Who’s your daddy? How to establish paternity

Family/Kids, Relationships

While the rate has declined over the last half decade, around 40 percent of births in the United States are to unwed mothers. This often leaves the new mom with a quandary: how to establish legal paternity and the emotional, social, medical, and economic ties that should bind a father and his child.

A voluntary declaration

The easiest way to establish paternity is via voluntary declaration, which is a common choice when the unwed couple are in an ongoing relationship or are opting to cooperatively co-parent. All states give fathers the ability, regardless of marital status, to sign a statement of paternity when the baby is born. This method varies somewhat from state to state, but in most states, such as in Missouri, the father and the mother together can sign an affidavit of paternity right in the hospital, declaring the man the legal father of the child.

Every state also offers this option any time before the child turns 18. While it’s easiest to legally establish paternity at the time of birth, it’s still possible to do so at a later date through the state’s local office of vital statistics.

A swab of the cheek

While voluntary declaration is easiest, that’s not always an option, especially if the father is not present at birth or no longer has a relationship with the child’s mother. Genetic tests are the gold standard for establishment of paternity in these cases, and while it takes some legal effort to get the ball rolling, caseworkers are there to help moms and their kids every step of the way.

One way to establish paternity starts in the local child support enforcement services office.

This typically is initiated by the mother, who is seeking child support. In addition, a mother’s application for public assistance can also trigger paternity testing and a subsequent child support order.
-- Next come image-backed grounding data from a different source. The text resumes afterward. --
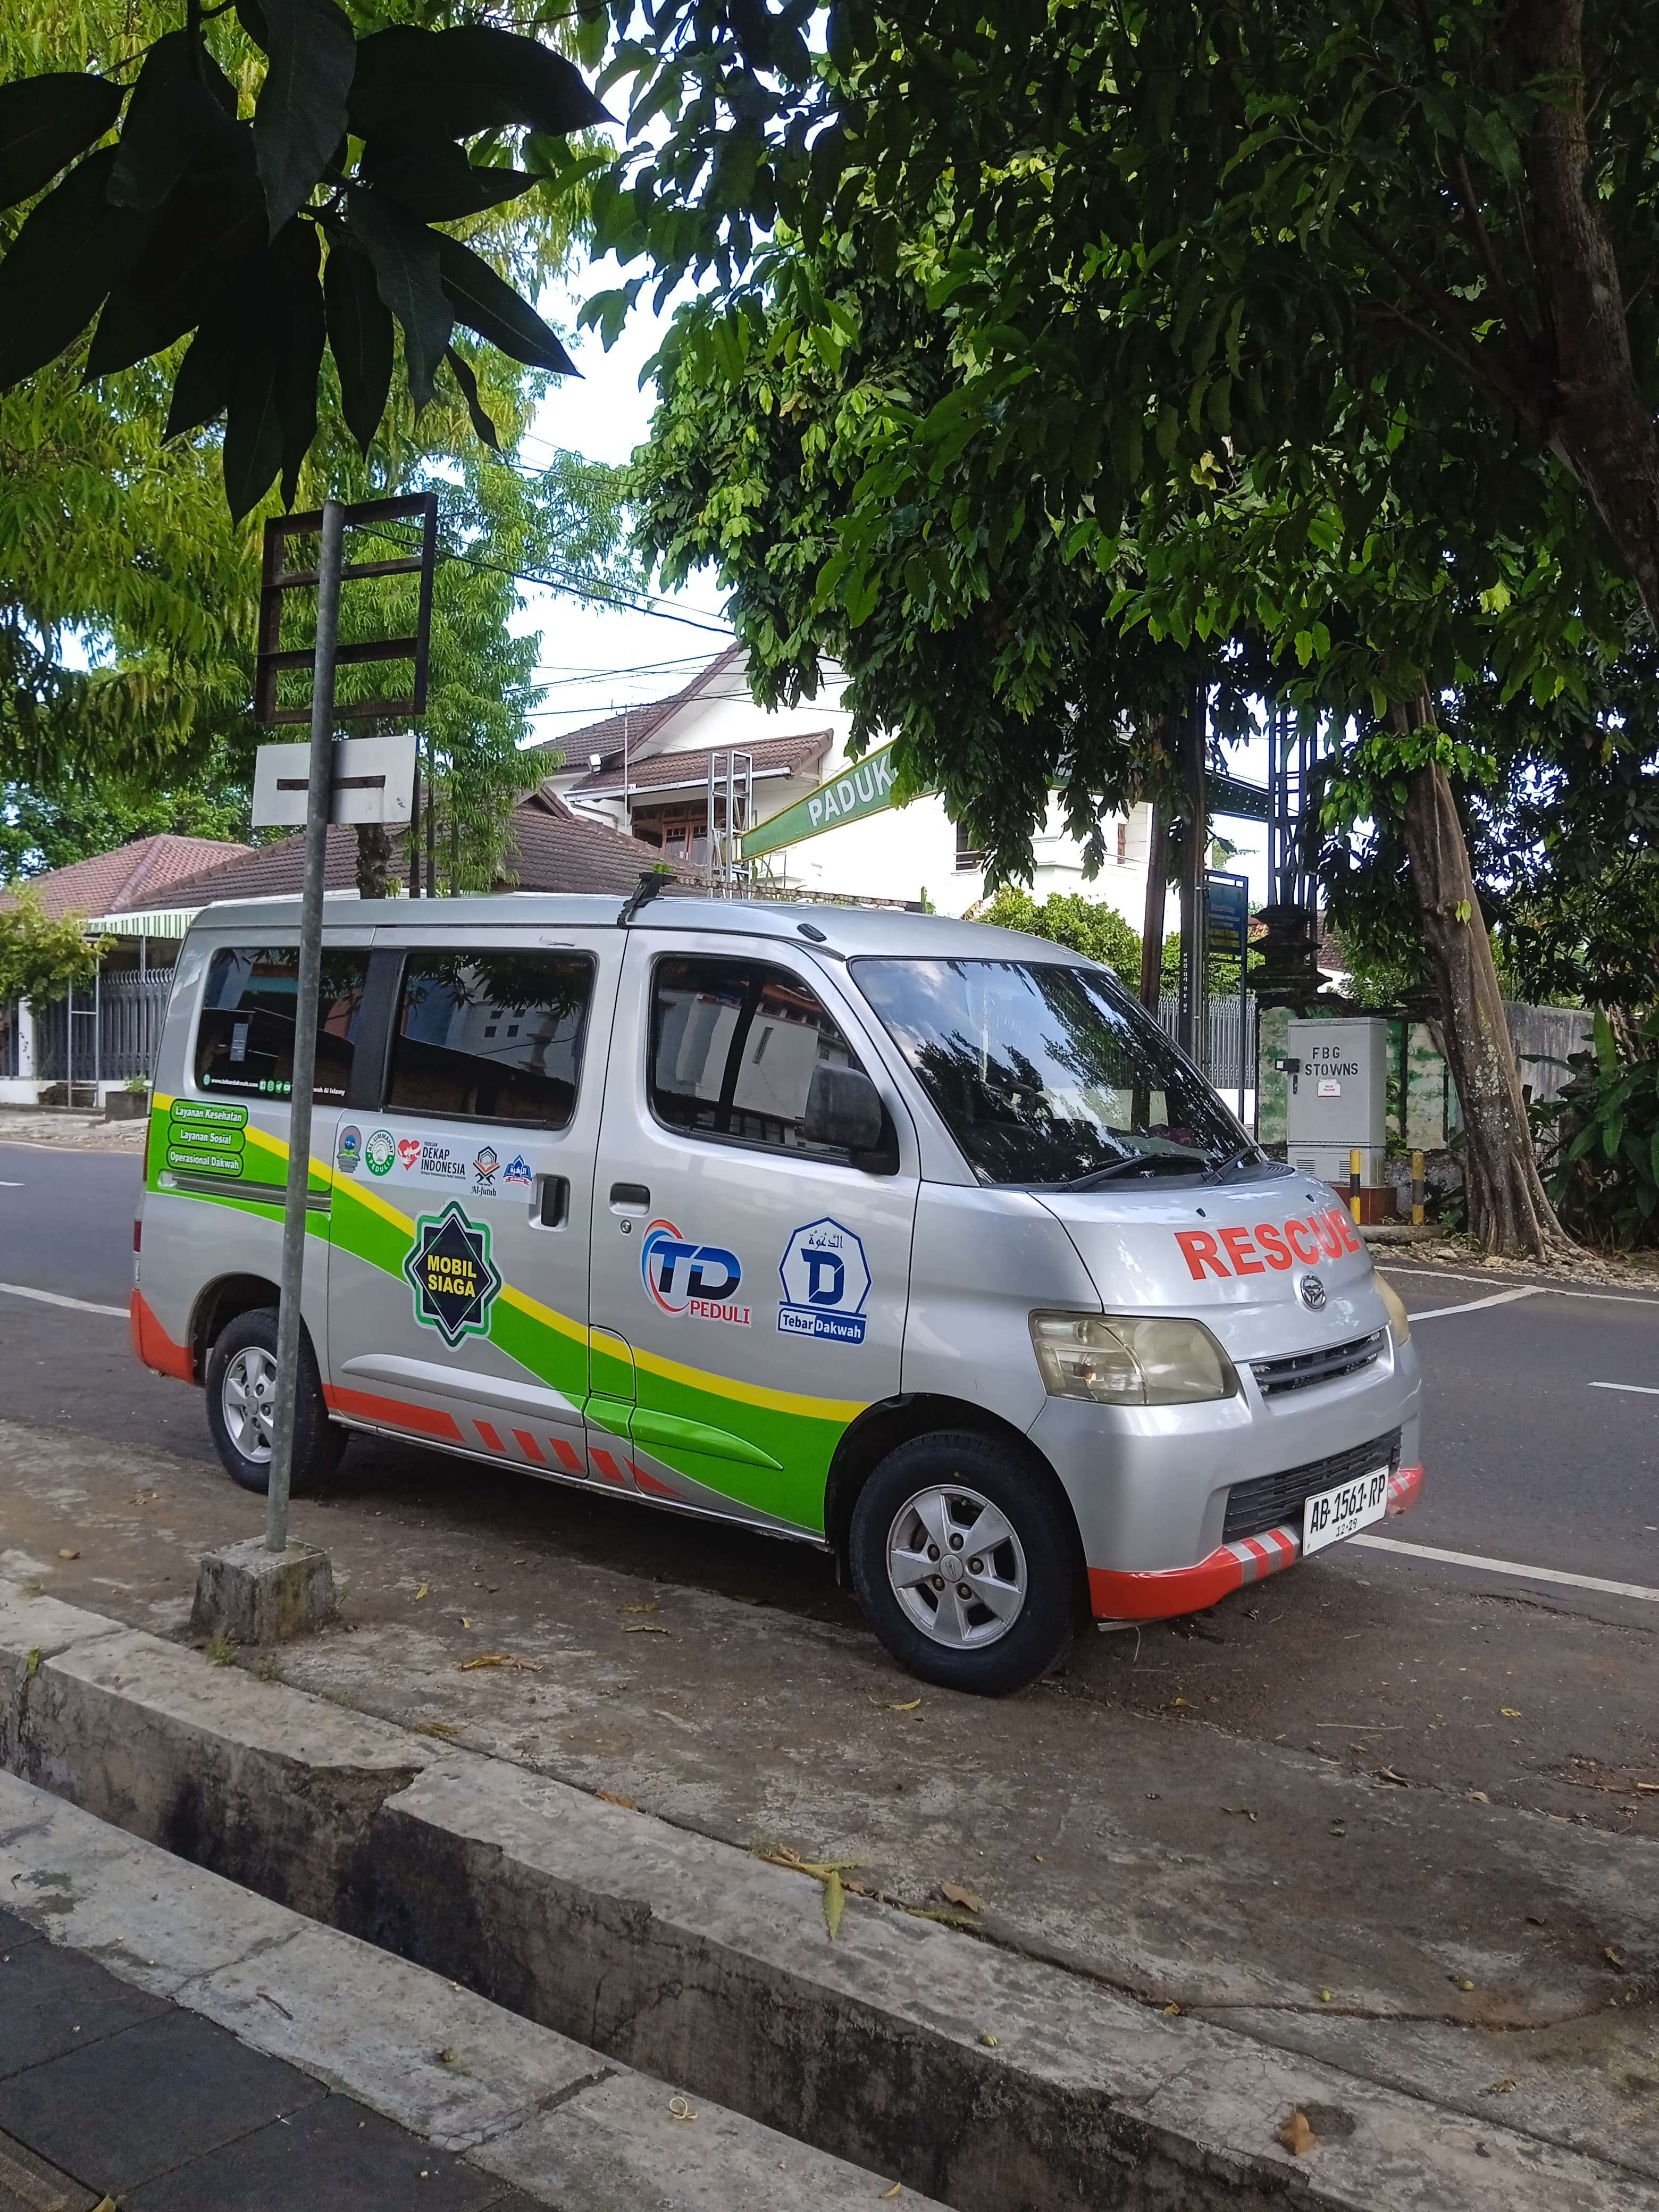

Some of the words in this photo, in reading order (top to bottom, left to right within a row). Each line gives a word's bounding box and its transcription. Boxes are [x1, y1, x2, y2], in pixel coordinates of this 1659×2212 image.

[808, 754, 899, 828] PADUK
[1305, 1062, 1359, 1076] STOWNS
[175, 1105, 204, 1118] Layanan
[205, 1108, 242, 1122] Kesehatan
[180, 1129, 208, 1142] Layanan
[210, 1132, 232, 1144] Sosial
[170, 1151, 210, 1166] Operasional
[211, 1157, 239, 1169] Dakwah
[422, 1146, 450, 1160] DEKAP
[368, 1159, 390, 1172] PEDULI
[421, 1158, 465, 1175] INDONESIA
[1174, 1208, 1360, 1280] RESCUE
[427, 1254, 477, 1278] MOBIL
[428, 1274, 476, 1297] SIAGA
[690, 1300, 750, 1325] PEDULI
[783, 1313, 814, 1330] Tebar
[815, 1321, 862, 1339] Dakwah
Caseworkers will collect as much information about the alleged father as they can, which they’ll forward to a child support enforcement attorney to begin legal action. The administrative process includes sending a notice to the alleged father; this informs him of his rights and provides directions on how and where to go for genetic testing.

The genetic testing involves either a simple blood draw or a swab of the inside of the cheek. Genetic materials of the child and the mother are compared to those of the father. Since the process is extremely accurate, it can almost always confirm or disprove that the man is the biological father.

Take it to court

Taking the case to court yourself is another option for establishing paternity, particularly in situations where the alleged father refuses to voluntarily submit to genetic testing and child support or public assistance is not desired. While the details vary from state to state, the same general procedures take place no matter where it begins. In North Carolina, for example, the case can be initiated by the mother, the possible father, or a personal representative of either.
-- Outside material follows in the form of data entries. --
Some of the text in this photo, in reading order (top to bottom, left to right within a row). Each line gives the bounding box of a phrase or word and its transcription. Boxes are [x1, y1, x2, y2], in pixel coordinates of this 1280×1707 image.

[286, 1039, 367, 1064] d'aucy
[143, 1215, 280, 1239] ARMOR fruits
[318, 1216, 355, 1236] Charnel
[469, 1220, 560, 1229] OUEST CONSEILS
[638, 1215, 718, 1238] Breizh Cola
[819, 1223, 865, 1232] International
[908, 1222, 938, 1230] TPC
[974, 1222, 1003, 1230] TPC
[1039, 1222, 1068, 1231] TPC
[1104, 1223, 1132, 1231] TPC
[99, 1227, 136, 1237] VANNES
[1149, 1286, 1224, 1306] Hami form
If you’re considering this route, it’s a good idea to contact a family law attorney, who can guide you on how and where to file. If the mother is still pregnant, these cases frequently cannot be taken to court until the baby is born, but the parties can still file a lawsuit to get the ball rolling.

Mandated genetic testing is also a typical component of these proceedings, whether it’s a personal lawsuit or a state-filed legal proceeding, and the judge will take that and any other evidence into consideration before handing down a judgment.

While some “fathers’ rights” groups have rebelled against the existing process, establishing paternity can have many benefits, including access to the father’s medical history, financial support, or making visitation or custody easier down the road. While some methods are easier than others, family law is on the side of the child, as it should be.